- Dataset records -
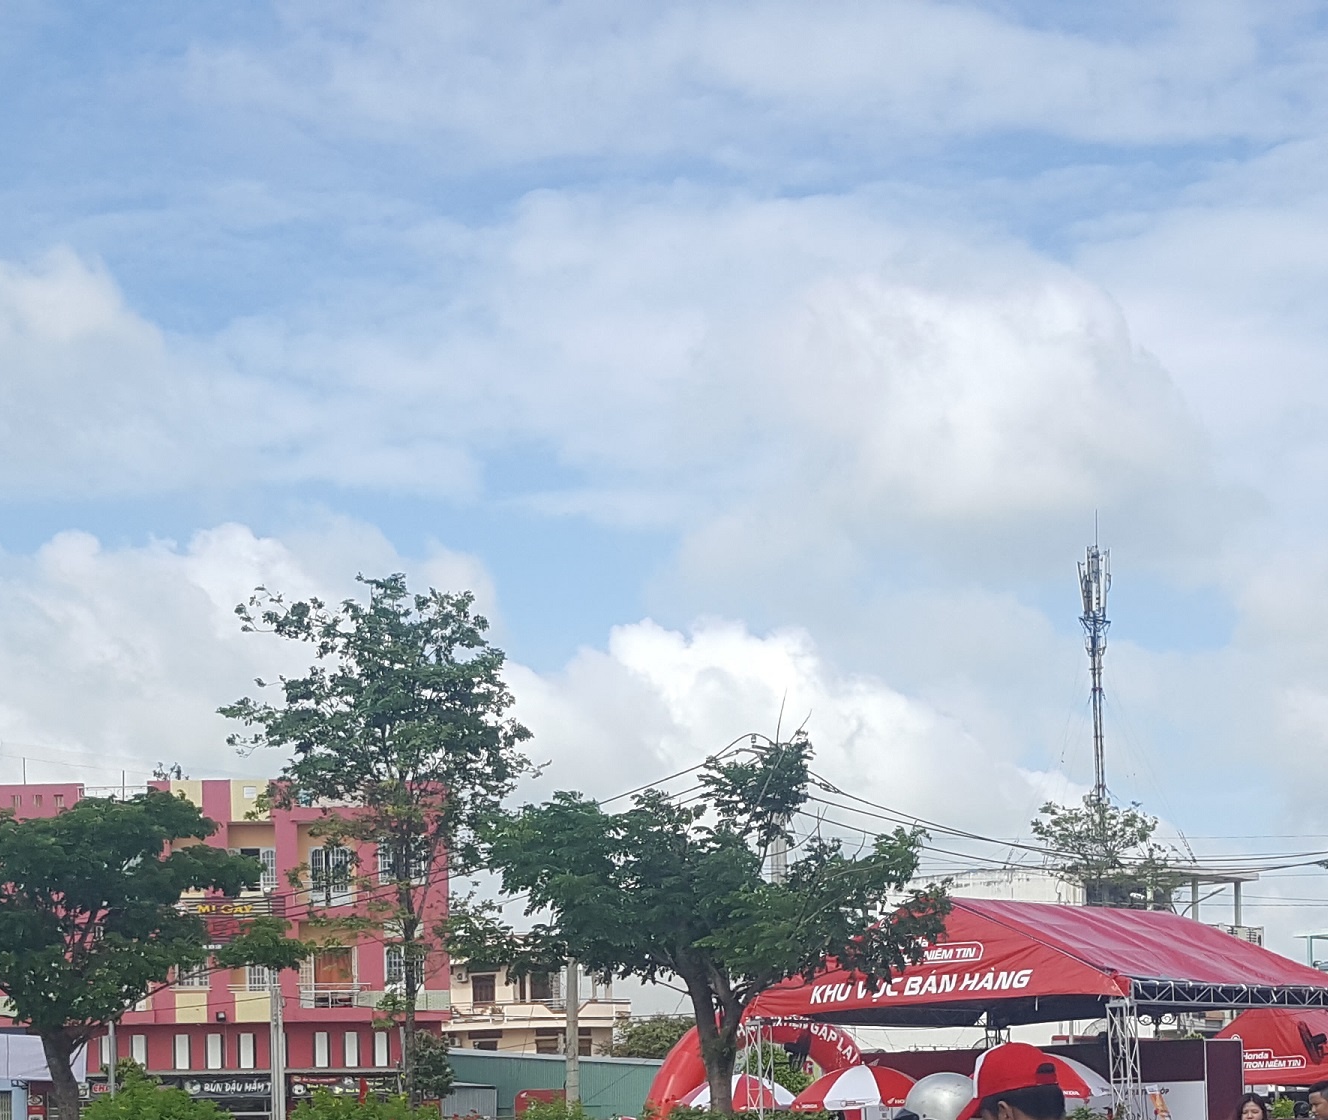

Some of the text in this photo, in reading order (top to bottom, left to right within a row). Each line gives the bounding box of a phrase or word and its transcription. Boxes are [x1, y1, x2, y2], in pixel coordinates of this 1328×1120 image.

[955, 946, 978, 958] TIN
[810, 983, 853, 1004] KHU
[904, 970, 958, 996] BÁN
[958, 967, 1035, 991] HÀNG
[1287, 1059, 1302, 1067] TIN
[203, 1080, 222, 1092] BÚN
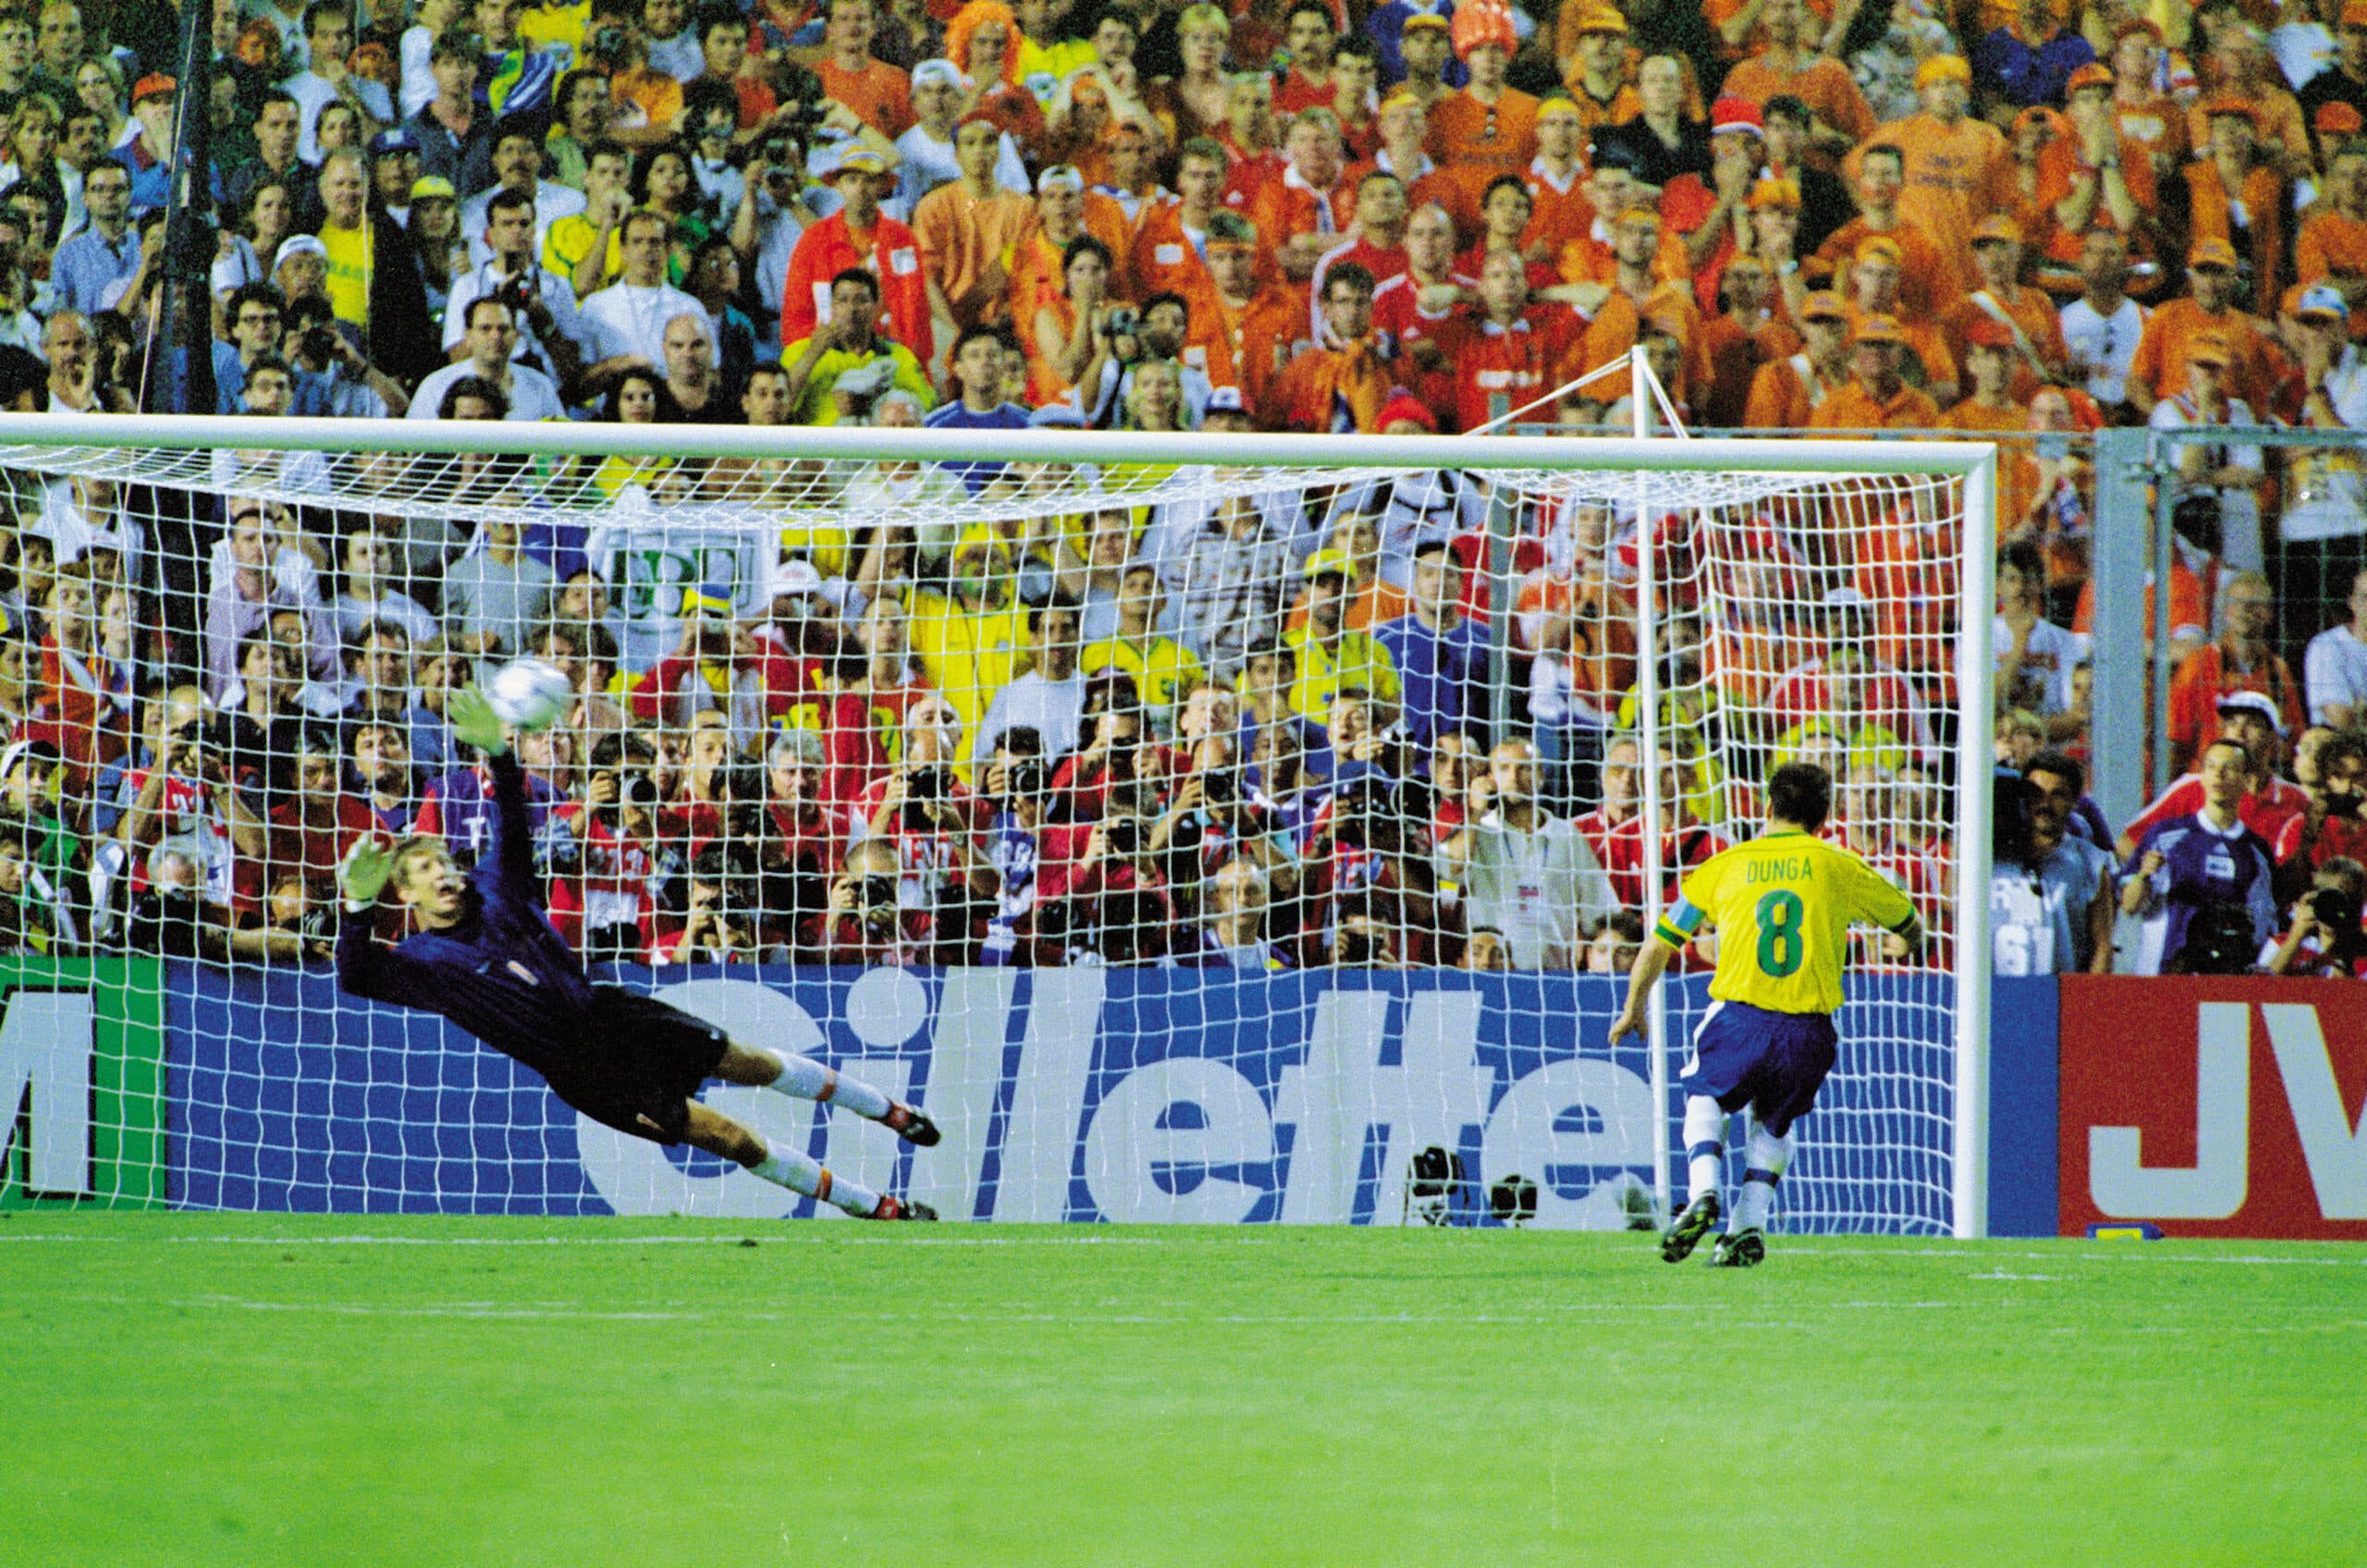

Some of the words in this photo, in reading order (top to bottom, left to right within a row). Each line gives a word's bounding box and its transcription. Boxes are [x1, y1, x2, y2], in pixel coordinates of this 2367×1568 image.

[1747, 856, 1813, 884] DUNGA
[1755, 888, 1804, 978] 8
[575, 965, 1661, 1230] Gillette
[2088, 1001, 2367, 1219] JV

- Exercise instructions -
The reply should hold every line of the material above, unchanged, and no pictures.

- Task result -
Some of the text in this photo, in reading order (top to bottom, left to right within a row). Each line gives the bounding box of a phrase or word and its transcription. Boxes are [x1, y1, x2, y2], in pixel coordinates of this 1328×1120 image.

[955, 946, 978, 958] TIN
[810, 983, 853, 1004] KHU
[904, 970, 958, 996] BÁN
[958, 967, 1035, 991] HÀNG
[1287, 1059, 1302, 1067] TIN
[203, 1080, 222, 1092] BÚN

Some of the words in this photo, in reading order (top to bottom, left to right within a row). Each line gives a word's bounding box and its transcription. Boxes are [x1, y1, x2, y2], in pixel coordinates of this 2367×1568 image.

[1747, 856, 1813, 884] DUNGA
[1755, 888, 1804, 978] 8
[575, 965, 1661, 1230] Gillette
[2088, 1001, 2367, 1219] JV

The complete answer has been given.